Project a 3-by-3 matrix to the closest SO(3) rotation matrix.

chordal_distance(rotation_a, rotation_b) staticmethod

Return the Frobenius chordal distance between two SO(3) rotations.

chordal_mean(rotations, weights=None) classmethod

Compute the weighted chordal mean of one or more SO(3) rotations.

smooth(rotations, weights=None, window_size=None)

Smooth a rotation sequence with local chordal means.

Parameters

rotations Rotation matrix sequence as a Python sequence, (n, 3, 3) array, or (3, 3, n) array. weights Optional nonnegative reliability weights, one per input rotation. window_size Optional per-call override for the number of rotations in each local mean. Kernel weights from construction are only used when this is not overridden.

Returns

list Smoothed SO(3) rotations, one per input rotation.

UnscentedRauchTungStriebelSmoother

Bases: AbstractSmoother

Unscented fixed-interval smoother for nonlinear Gaussian state-space models.

This implements the unscented Rauch--Tung--Striebel (URTS) smoother for Euclidean state spaces. It mirrors the current :class:UnscentedKalmanFilter scope in PyRecEst and therefore only supports the NumPy backend.

The smoother provides a complete forward pass (filter) and the backward pass (smooth). For the nonlinear case the smoother gain depends on the predicted cross-covariance between x_t and x_{t+1}, so the forward pass stores those cross-covariances explicitly.

Parameters

points Optional sigma-point object compatible with MerweScaledSigmaPoints.

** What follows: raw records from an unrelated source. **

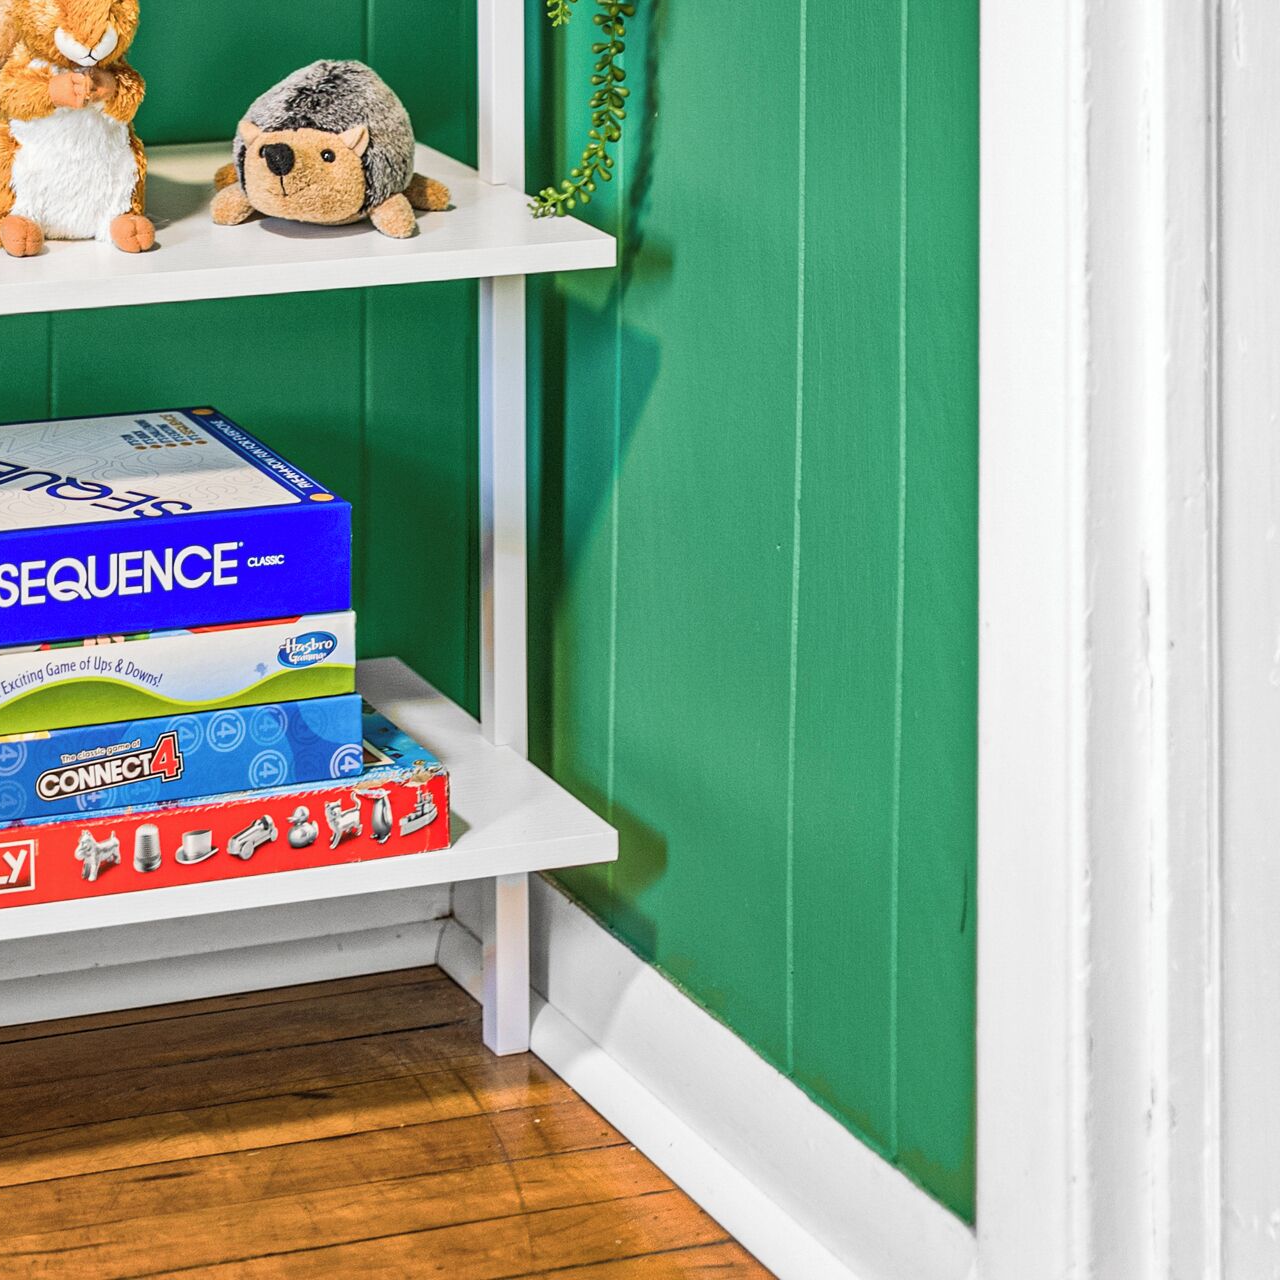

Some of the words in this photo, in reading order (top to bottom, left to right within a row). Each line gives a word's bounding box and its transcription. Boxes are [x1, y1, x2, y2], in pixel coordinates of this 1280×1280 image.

[247, 554, 285, 568] CLASSIC
[279, 636, 334, 654] Hasbro
[0, 670, 44, 695] Exciting
[46, 662, 77, 679] Game
[79, 659, 91, 672] of
[94, 658, 112, 675] Ups
[114, 660, 123, 672] &
[126, 663, 164, 687] Downs!
[61, 754, 76, 764] The
[77, 747, 106, 760] classic
[106, 743, 130, 756] game
[130, 738, 141, 748] of

If omitted, standard Merwe scaled sigma points are used. alpha, beta, kappa Default sigma-point parameters used when points is omitted.

points = points instance-attribute

alpha = alpha instance-attribute

beta = beta instance-attribute

kappa = kappa instance-attribute

__init__(points=None, alpha=0.001, beta=2.0, kappa=0.0)

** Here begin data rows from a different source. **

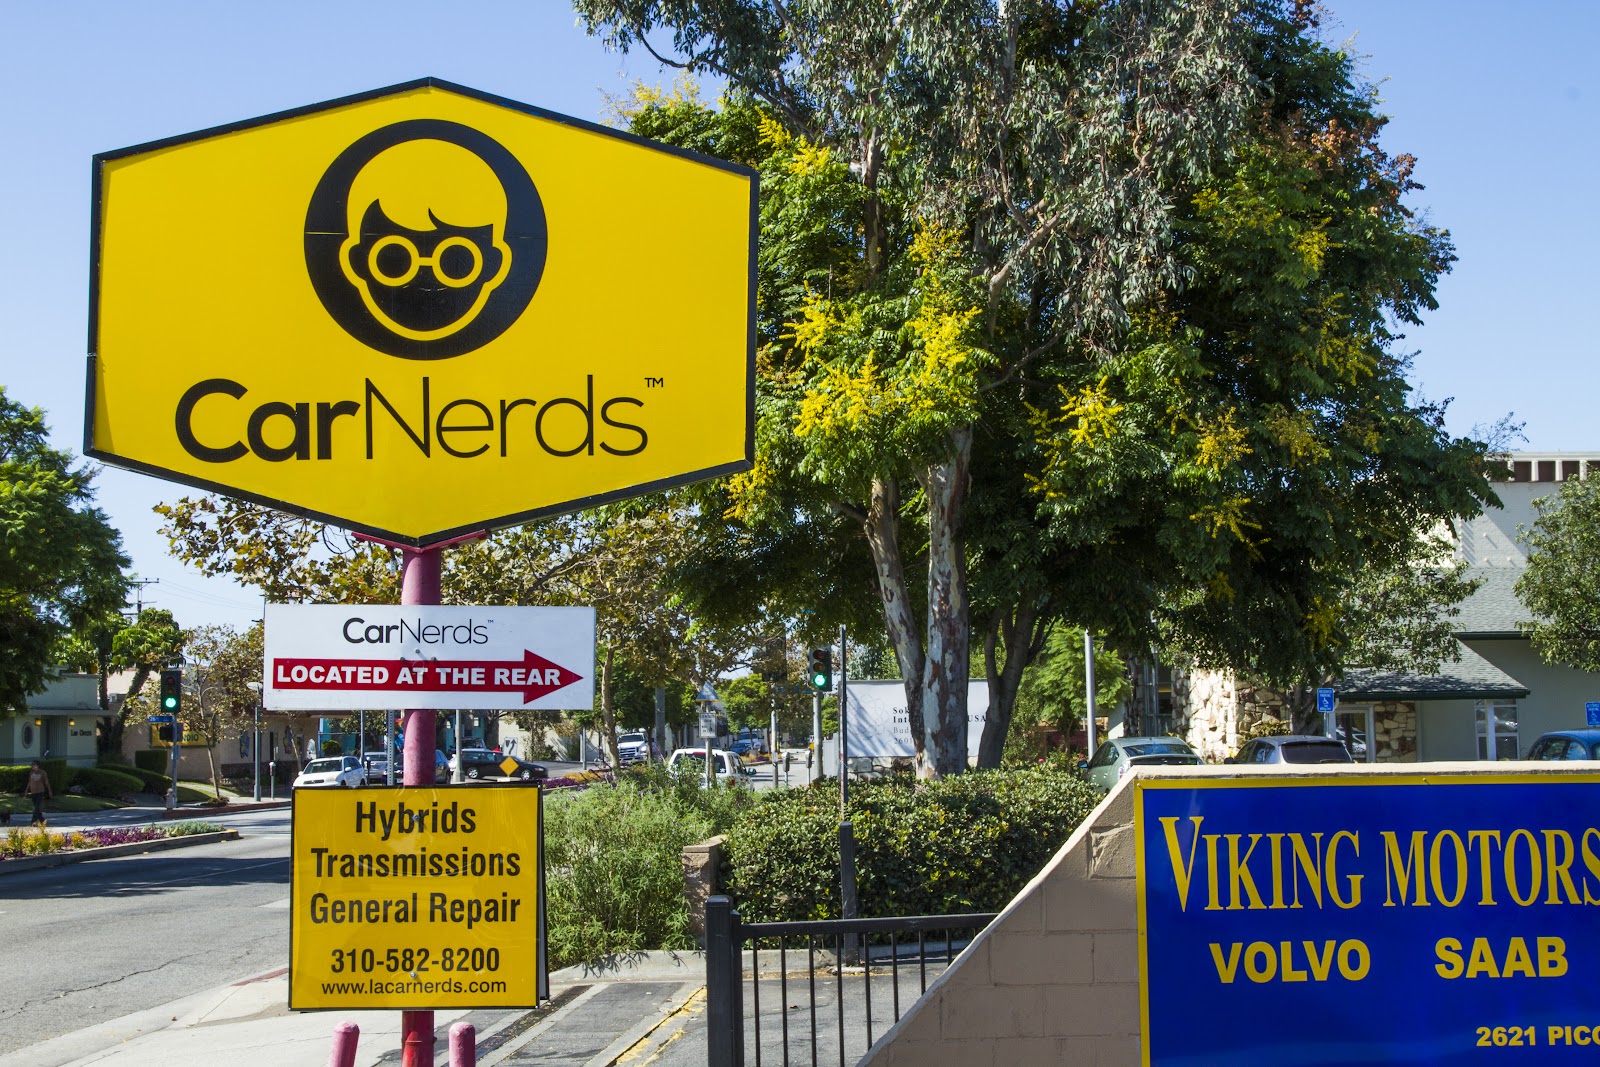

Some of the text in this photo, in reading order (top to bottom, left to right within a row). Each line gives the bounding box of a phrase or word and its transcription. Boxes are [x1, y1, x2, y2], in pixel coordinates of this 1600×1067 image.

[175, 374, 648, 463] CarNerds
[342, 617, 489, 644] CarNerds
[277, 665, 561, 686] LOCATED AT THE REAR
[355, 801, 476, 841] Hybrids
[310, 847, 521, 877] Transmissions
[1158, 816, 1364, 912] VIKING
[310, 892, 521, 929] General Repair
[331, 947, 500, 973] 310-582-8200
[1209, 937, 1569, 984] VOLVO SAAB
[321, 978, 507, 994] www.lacarnerds.com
[1476, 1026, 1537, 1047] 2621

filter(initial_state, measurements, measurement_functions=None, meas_noise_covariances=None, transition_functions=None, sys_noise_covariances=None, time_steps=None)

Run the forward unscented filtering pass for a full sequence.

Returns

filtered_states Posterior states x_{t|t}. predicted_states One-step predictions x_{t+1|t} with length T - 1. predicted_cross_covariances Cross-covariances Cov[x_t, x_{t+1}] needed by the URTS backward pass.

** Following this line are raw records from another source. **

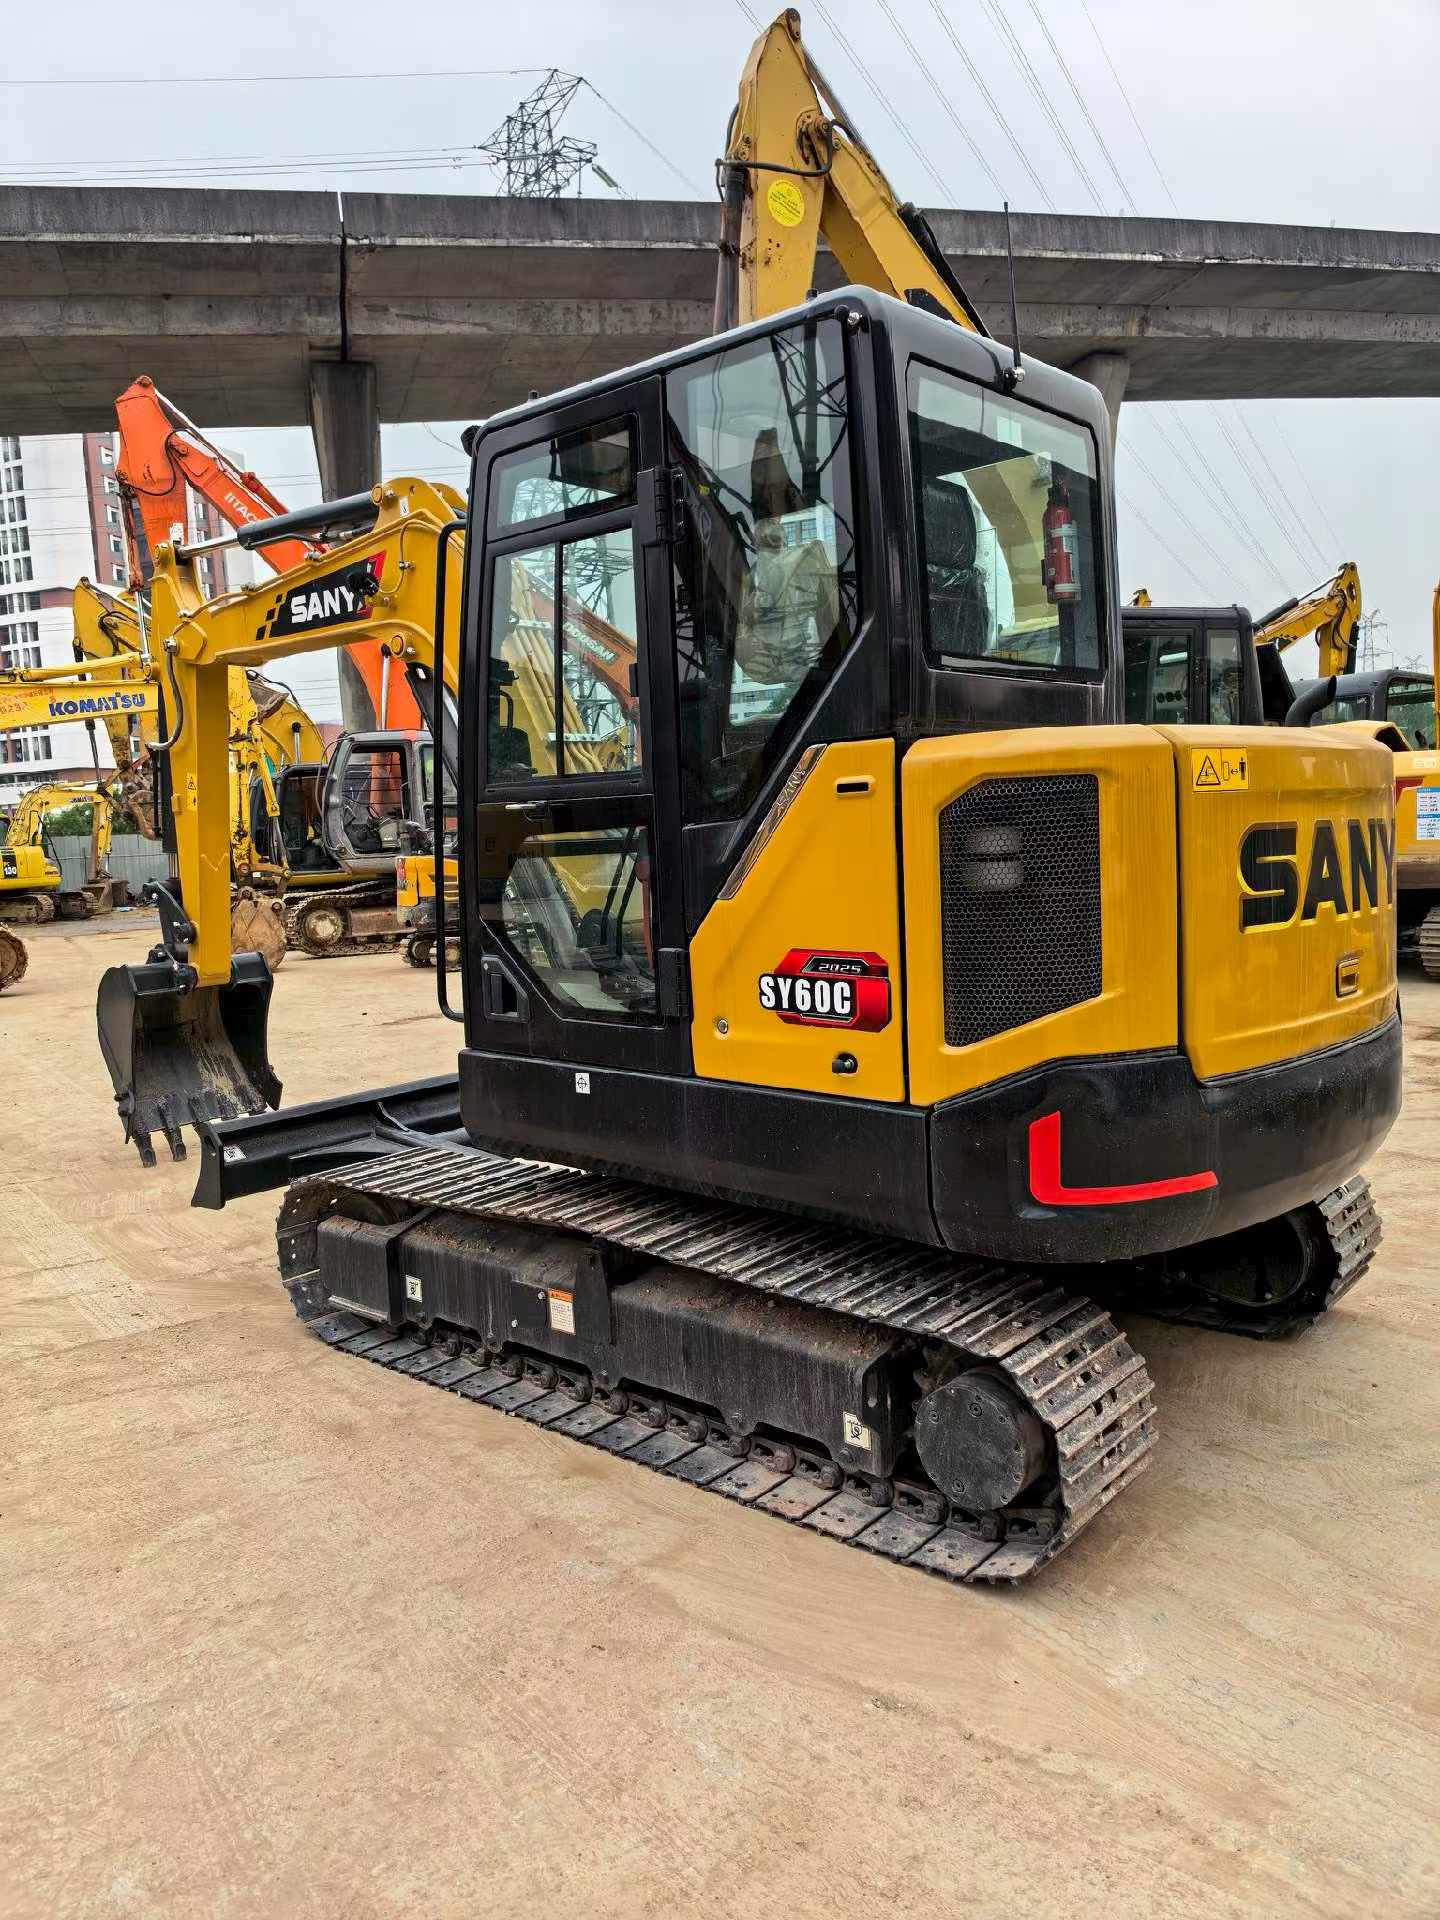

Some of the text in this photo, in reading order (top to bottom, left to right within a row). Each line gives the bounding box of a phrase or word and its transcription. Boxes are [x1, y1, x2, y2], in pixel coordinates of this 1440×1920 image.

[291, 586, 355, 623] SANY
[49, 692, 145, 716] KOMATSU
[1238, 819, 1395, 933] SANY
[818, 962, 861, 974] 2025
[760, 976, 851, 1015] SY60C

smooth(filtered_states, predicted_states, predicted_cross_covariances)

Run the unscented RTS backward pass.

smooth_from_filtered(filtered_states, transition_functions=None, sys_noise_covariances=None, time_steps=None)

Smooth from filtered states by recomputing nonlinear predictions.

filter_and_smooth(initial_state, measurements, measurement_functions=None, meas_noise_covariances=None, transition_functions=None, sys_noise_covariances=None, time_steps=None)

Convenience wrapper that runs both the forward and backward passes.